Ko Darae, Thigpen Jonathan L, Otis James A, Forster Kristen, Henault Lori, Quinn Emily, Tripodis Yorghos, Berger Peter B, Limdi Nita, Hylek Elaine M
Department of Medicine, Boston University School of Medicine, Boston, MA, United States.
Department of Clinical and Administrative Sciences, Notre Dame of Maryland School of Pharmacy, Baltimore, MD, United States.
Int J Cardiol. 2017 Jan 15;227:808-812. doi: 10.1016/j.ijcard.2016.10.055. Epub 2016 Oct 24.
Statin pretreatment has been associated with reduced infarct volume in nonlacunar strokes. The effect of statins on functional outcomes of strokes related to atrial fibrillation (AF) is unknown. We aimed to define the influence of prestroke statin use on functional outcome in AF.

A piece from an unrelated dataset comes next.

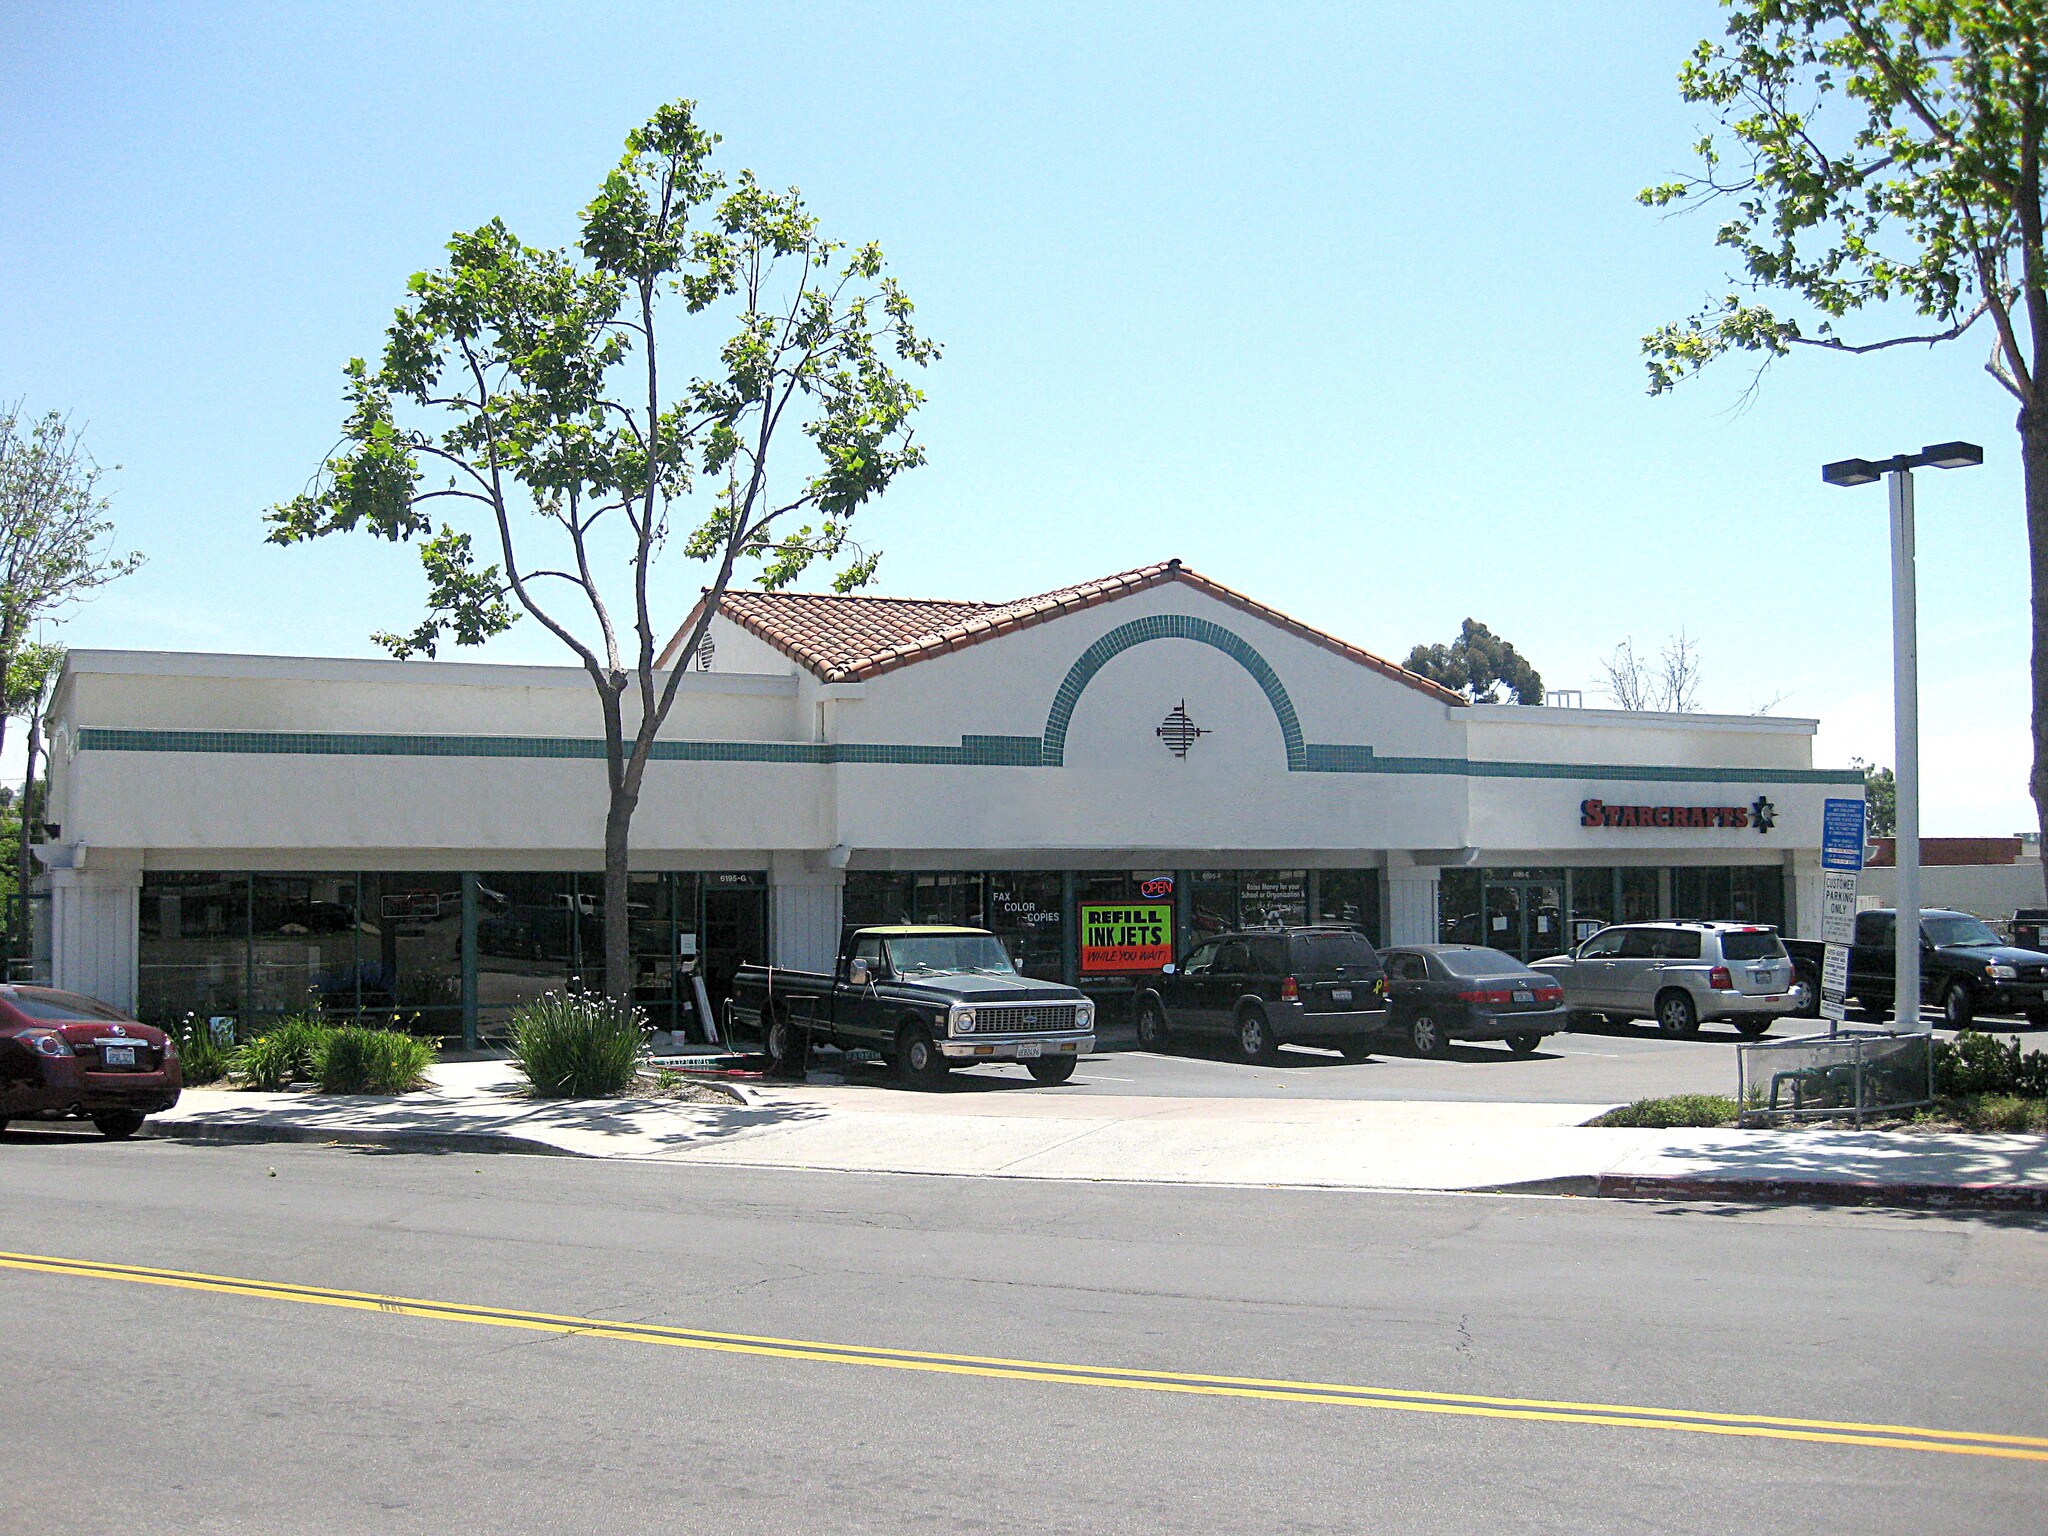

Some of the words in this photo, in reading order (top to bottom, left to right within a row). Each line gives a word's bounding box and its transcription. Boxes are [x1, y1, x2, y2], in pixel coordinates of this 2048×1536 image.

We assembled a cohort of consecutive ischemic stroke patients from 2006 to 2010. All patients underwent CT or MRI and were adjudicated by site investigators. AF was confirmed by electrocardiogram in 100% of patients. Site neurologists blinded to the study hypothesis affirmed the type of stroke and assessed the severity of disability at the time of hospital discharge. The frequency of death at 30-days was calculated.
Ischemic stroke (n=1030) resulted in a severe neurological deficit or death (modified Rankin scale ≥4) at 30days in 711 patients (69%). Using multivariable logistic regression models adjusting for factors associated with statin treatment and factors associated with functional outcome, prestroke statin use was associated with a 32% reduction in frequency of severe stroke (odds ratio [OR], 0.68; 95% confidence interval [CI], 0.50-0.92; P=0.011). Other independent factors associated with severe stroke included older age, female sex, non-White race, diabetes mellitus, prior ischemic stroke, prior venous thromboembolism, and dementia.
Ischemic strokes in AF are associated with high mortality and morbidity. Statin use at time of stroke onset among patients with AF was associated in this study with less severe stroke and warrant validation.
他汀类药物预处理与非腔隙性卒中梗死体积减小有关。他汀类药物对心房颤动(AF)相关卒中功能结局的影响尚不清楚。我们旨在确定卒中前使用他汀类药物对AF患者功能结局的影响。
我们收集了2006年至2010年连续的缺血性卒中患者队列。所有患者均接受了CT或MRI检查,并由现场研究人员进行判定。100%的患者通过心电图确诊为AF。对研究假设不知情的现场神经科医生确认了卒中类型,并评估了出院时的残疾严重程度。计算30天的死亡频率。
1030例缺血性卒中患者中,711例(69%)在30天时出现严重神经功能缺损或死亡(改良Rankin量表≥4)。使用多变量逻辑回归模型,对与他汀类药物治疗相关的因素和与功能结局相关的因素进行调整后,卒中前使用他汀类药物与严重卒中频率降低32%相关(优势比[OR],0.68;95%置信区间[CI],0.50 - 0.92;P = 0.011)。与严重卒中相关的其他独立因素包括年龄较大、女性、非白人种族、糖尿病、既往缺血性卒中、既往静脉血栓栓塞和痴呆。
AF患者的缺血性卒中与高死亡率和高发病率相关。本研究中,AF患者卒中发作时使用他汀类药物与较轻的卒中相关,有待验证。